BLM’s support for logging in these kinds of forests dates back to the 1930’s. The Oregon and California Revested Lands Sustained Yield Management Act placed over two million acres under the agency’s control, with the aim of ensuring the perpetual flow of timber for wood products.

But Vaile says the law’s objective, and the agency culture it codified, is outdated. “Since then, our economy and our social structures have completely transitioned away from an old-growth logging economy to a more diversified economy,” he says. “Instead of going after old-growth trees, what we should be doing is protecting people from fire, adapting these forests to climate change, and protecting water sources.”

It’s a nationwide problem. Timber sales are also underway in a 12,000 acre patch of the Chequamegon-Nicolet National Forest known as the Fourmile Vegetation Project, in Wisconsin’s Northwoods. Here, lichen-draped upland hardwoods mingle with red pines and aspens, creating a rich habitat for moose and endangered gray wolves. Though much of the landscape is still recovering from continuous logging, over half of the trees are 80 years and older; and a third are centenarians.

These mature and old-growth trees store more carbon than younger trees, so it’s imperative that we protect them, says Carolyn Ramírez, staff scientist with the Natural Resources Defense Council. “We can’t just cut them down and replant them and expect to have a net-zero carbon impact. It will take decades for that carbon to be restored in these forests, as well as all the myriad ecological benefits that leaving the trees provides,” Ramírez says. One mature tree can remove over 48 pounds of carbon dioxide from the atmosphere over the course of a year. The majority of that carbon-sequestering capacity occurs in the second half of a tree’s life, researchers have learned.

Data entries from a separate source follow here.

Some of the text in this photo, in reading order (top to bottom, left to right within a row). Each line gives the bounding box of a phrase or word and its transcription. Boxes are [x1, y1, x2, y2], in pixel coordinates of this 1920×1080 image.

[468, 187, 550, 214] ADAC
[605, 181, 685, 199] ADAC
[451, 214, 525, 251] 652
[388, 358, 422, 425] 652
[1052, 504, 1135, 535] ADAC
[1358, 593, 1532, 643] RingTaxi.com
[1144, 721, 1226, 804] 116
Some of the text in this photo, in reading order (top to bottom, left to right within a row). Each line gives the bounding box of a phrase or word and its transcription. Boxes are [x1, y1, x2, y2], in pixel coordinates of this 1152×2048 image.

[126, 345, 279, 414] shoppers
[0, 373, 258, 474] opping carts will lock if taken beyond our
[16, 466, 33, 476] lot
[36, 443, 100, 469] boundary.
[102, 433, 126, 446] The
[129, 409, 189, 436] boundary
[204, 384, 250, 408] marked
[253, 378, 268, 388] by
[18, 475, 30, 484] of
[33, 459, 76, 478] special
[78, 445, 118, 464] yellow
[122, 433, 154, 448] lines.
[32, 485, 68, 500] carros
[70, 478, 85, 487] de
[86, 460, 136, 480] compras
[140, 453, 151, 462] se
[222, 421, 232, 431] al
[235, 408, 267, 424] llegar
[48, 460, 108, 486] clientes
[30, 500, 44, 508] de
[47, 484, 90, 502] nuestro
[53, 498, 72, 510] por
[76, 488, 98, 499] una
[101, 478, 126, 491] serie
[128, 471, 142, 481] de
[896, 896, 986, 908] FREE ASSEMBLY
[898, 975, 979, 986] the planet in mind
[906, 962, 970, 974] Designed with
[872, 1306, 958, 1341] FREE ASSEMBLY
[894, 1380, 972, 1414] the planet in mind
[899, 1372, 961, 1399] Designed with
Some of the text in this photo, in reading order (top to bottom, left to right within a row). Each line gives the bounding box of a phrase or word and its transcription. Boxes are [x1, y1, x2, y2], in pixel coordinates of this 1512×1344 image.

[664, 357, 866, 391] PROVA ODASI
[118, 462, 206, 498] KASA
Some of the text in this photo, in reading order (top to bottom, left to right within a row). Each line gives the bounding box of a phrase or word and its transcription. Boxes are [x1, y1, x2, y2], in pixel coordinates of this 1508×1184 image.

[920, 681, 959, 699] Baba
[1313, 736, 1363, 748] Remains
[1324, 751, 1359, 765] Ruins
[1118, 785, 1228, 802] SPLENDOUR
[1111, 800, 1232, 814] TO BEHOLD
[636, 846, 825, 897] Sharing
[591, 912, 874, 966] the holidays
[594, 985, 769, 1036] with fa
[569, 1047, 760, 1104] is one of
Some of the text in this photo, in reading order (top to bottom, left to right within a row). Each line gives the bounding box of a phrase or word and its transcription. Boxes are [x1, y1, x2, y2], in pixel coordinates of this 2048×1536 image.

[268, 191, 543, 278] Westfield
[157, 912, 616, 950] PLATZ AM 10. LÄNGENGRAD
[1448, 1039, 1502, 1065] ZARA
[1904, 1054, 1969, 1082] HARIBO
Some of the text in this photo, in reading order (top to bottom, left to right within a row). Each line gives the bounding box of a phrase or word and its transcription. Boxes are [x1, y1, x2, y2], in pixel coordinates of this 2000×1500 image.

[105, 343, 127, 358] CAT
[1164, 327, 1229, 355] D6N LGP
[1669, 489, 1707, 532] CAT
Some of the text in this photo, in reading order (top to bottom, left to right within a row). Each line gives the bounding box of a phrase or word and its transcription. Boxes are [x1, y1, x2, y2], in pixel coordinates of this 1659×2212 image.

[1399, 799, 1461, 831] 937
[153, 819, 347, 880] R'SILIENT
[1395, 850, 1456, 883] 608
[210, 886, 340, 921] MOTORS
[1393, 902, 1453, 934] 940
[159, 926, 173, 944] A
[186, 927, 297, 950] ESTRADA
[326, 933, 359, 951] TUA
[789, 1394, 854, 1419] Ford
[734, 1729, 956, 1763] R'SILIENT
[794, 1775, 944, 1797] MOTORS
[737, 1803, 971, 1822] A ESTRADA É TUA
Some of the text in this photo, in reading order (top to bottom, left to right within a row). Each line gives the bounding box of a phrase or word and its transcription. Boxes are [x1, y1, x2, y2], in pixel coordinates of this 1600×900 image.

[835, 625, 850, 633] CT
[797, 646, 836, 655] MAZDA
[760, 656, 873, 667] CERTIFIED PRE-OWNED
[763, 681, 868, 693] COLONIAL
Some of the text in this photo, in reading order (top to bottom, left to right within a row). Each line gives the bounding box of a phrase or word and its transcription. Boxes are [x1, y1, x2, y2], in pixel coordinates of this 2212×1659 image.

Ramírez visited Chequamegon-Nicolet National Forest in October, where further timber sales are currently underway. The difference in ecological diversity and surface temperature between areas where mature trees still grew, and others where the Forest Service had recently logged was “jarring,” Ramírez said. In addition to other ecosystem services, forests provide cooler microclimates for those nearby, which is significant in and of itself in a rapidly-warming world.

In response to a 2021 request by environmental groups to suspend and review operations at the Fourmile Vegetation Project on the grounds that continued logging there was at odds with national objectives on the climate crisis, Forest Service Chief Randy Moore wrote that the project would: “maintain or enhance existing forest research studies; contribute toward fulfilling demand for wood products; provide a safe and effective road system; increase public safety related to wildfire potential; and maintain or enhance recreation experiences.”

But Andy Olsen, a senior policy advocate for the Environmental Law & Policy Center, said those arguments don’t add up. For instance, the old trees harvested from the area are currently slated to be sold as pulpwood, for things like paper and plywood. In other words, mature and old-growth trees logged as part of this project will be ground down into a low-value timber product that could just as easily be produced by younger trees, grown on plantations that store less carbon and don’t serve as keystones to their ecosystems—which the Forest Service has plenty of, Olsen says. “They’re choosing to rush forward with these sales of very important lands. Why these forests, why now?” he said.

Other elements of the Forest Service’s justification are problematic as well. For example, older trees are actually more resistant to wildfires than younger ones. The ongoing timber sales are also at odds with the Biden administration’s global climate commitments, Olsen added, such as seeking to protect 30 percent of U.S. lands and waters by 2030.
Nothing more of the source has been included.